PROBLEM DESCRIPTION.
The line containing "Some of the text" and every line after it, through the end of the records below, are to be reproduced exactly, with the pictures left out.
─── DATA RECORDS
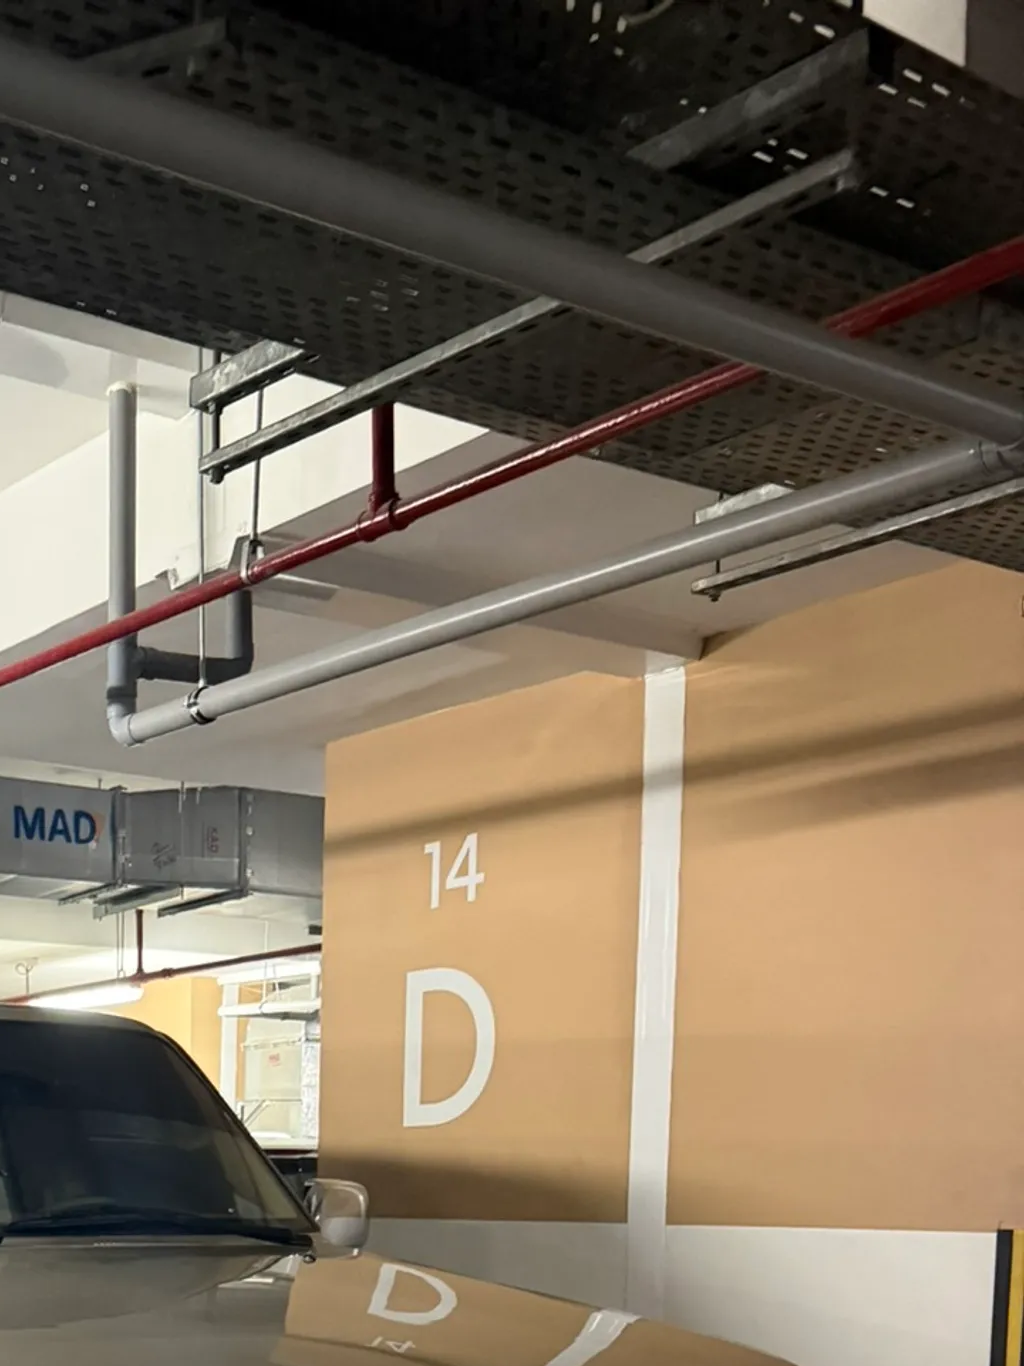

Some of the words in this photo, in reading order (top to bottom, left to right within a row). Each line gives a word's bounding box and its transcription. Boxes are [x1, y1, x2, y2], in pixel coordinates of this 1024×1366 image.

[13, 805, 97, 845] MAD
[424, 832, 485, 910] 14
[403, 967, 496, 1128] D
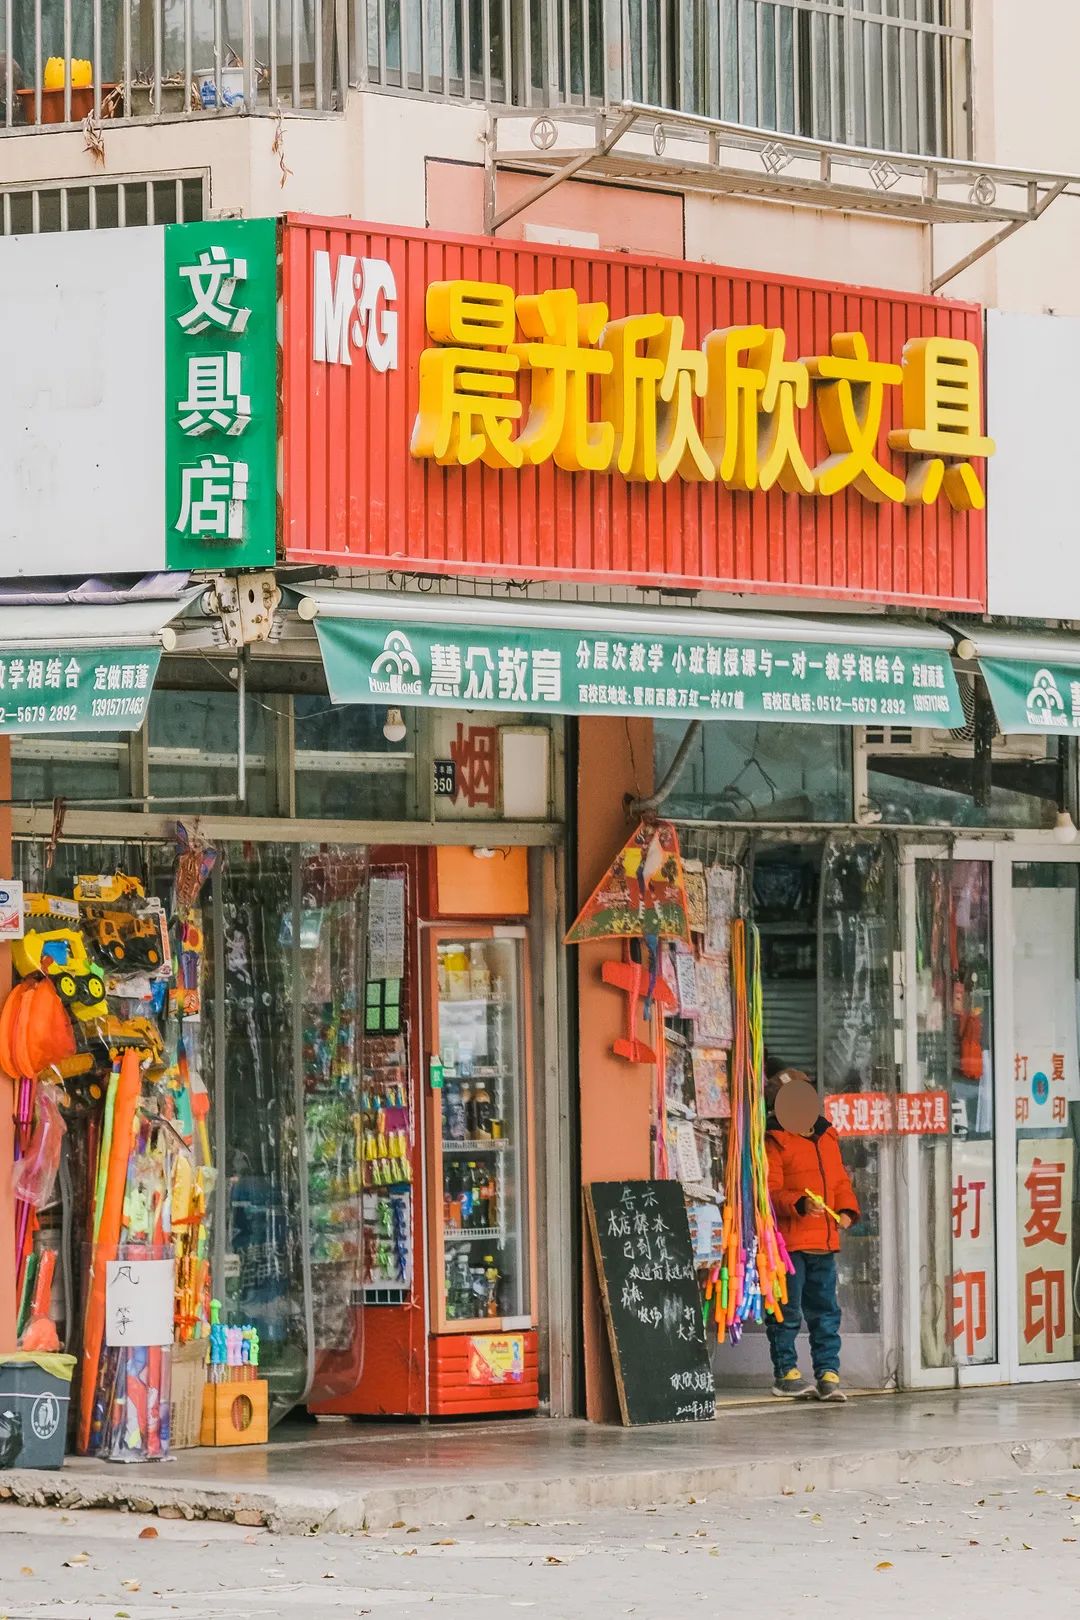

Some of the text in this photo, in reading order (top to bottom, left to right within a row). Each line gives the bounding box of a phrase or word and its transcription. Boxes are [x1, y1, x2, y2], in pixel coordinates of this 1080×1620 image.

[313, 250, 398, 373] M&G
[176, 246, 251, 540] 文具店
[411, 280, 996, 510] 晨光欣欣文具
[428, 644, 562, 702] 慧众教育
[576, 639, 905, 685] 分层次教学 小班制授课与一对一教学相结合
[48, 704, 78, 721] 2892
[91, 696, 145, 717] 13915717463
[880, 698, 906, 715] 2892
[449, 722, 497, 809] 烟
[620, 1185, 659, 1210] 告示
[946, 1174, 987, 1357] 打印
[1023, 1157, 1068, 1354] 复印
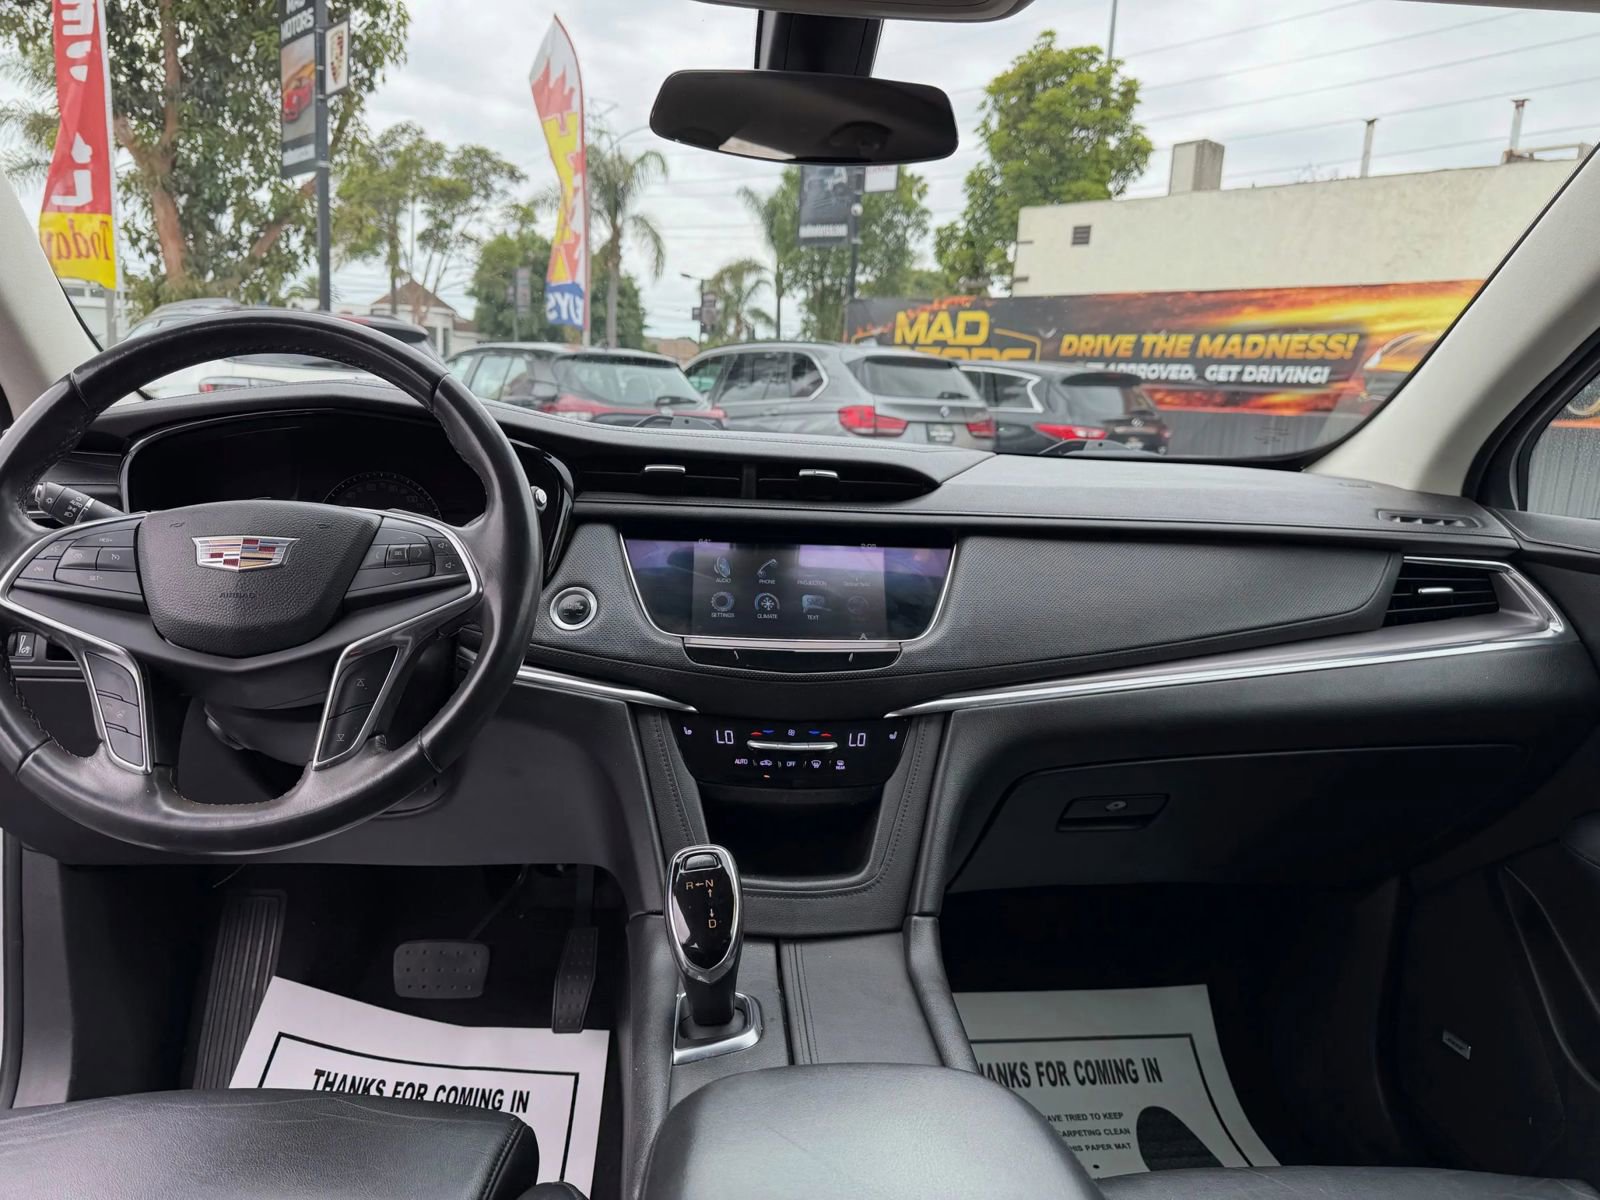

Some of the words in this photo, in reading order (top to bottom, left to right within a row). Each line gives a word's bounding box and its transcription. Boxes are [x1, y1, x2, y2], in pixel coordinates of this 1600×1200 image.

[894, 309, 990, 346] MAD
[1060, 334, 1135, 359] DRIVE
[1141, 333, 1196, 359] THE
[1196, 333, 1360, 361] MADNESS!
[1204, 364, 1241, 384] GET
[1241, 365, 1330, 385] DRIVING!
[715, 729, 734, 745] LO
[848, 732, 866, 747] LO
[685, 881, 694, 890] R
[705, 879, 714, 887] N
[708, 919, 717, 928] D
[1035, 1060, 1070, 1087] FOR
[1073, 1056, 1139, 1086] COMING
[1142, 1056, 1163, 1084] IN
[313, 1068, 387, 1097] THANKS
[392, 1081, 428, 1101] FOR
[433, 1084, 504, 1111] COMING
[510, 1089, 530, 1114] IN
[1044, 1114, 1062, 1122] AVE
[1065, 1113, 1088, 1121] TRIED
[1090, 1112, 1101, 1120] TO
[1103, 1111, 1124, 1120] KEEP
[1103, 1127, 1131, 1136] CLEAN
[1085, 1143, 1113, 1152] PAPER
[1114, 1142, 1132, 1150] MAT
──────
TASK RESPONSE.
Some of the text in this photo, in reading order (top to bottom, left to right within a row). Each line gives the bounding box of a phrase or word and its transcription. Boxes are [x1, y1, x2, y2], in pixel coordinates of this 1080×1620 image.

[313, 250, 398, 373] M&G
[176, 246, 251, 540] 文具店
[411, 280, 996, 510] 晨光欣欣文具
[428, 644, 562, 702] 慧众教育
[576, 639, 905, 685] 分层次教学 小班制授课与一对一教学相结合
[48, 704, 78, 721] 2892
[91, 696, 145, 717] 13915717463
[880, 698, 906, 715] 2892
[449, 722, 497, 809] 烟
[620, 1185, 659, 1210] 告示
[946, 1174, 987, 1357] 打印
[1023, 1157, 1068, 1354] 复印

Some of the words in this photo, in reading order (top to bottom, left to right within a row). Each line gives a word's bounding box and its transcription. Boxes are [x1, y1, x2, y2], in pixel coordinates of this 1600×1200 image.

[894, 309, 990, 346] MAD
[1060, 334, 1135, 359] DRIVE
[1141, 333, 1196, 359] THE
[1196, 333, 1360, 361] MADNESS!
[1204, 364, 1241, 384] GET
[1241, 365, 1330, 385] DRIVING!
[715, 729, 734, 745] LO
[848, 732, 866, 747] LO
[685, 881, 694, 890] R
[705, 879, 714, 887] N
[708, 919, 717, 928] D
[1035, 1060, 1070, 1087] FOR
[1073, 1056, 1139, 1086] COMING
[1142, 1056, 1163, 1084] IN
[313, 1068, 387, 1097] THANKS
[392, 1081, 428, 1101] FOR
[433, 1084, 504, 1111] COMING
[510, 1089, 530, 1114] IN
[1044, 1114, 1062, 1122] AVE
[1065, 1113, 1088, 1121] TRIED
[1090, 1112, 1101, 1120] TO
[1103, 1111, 1124, 1120] KEEP
[1103, 1127, 1131, 1136] CLEAN
[1085, 1143, 1113, 1152] PAPER
[1114, 1142, 1132, 1150] MAT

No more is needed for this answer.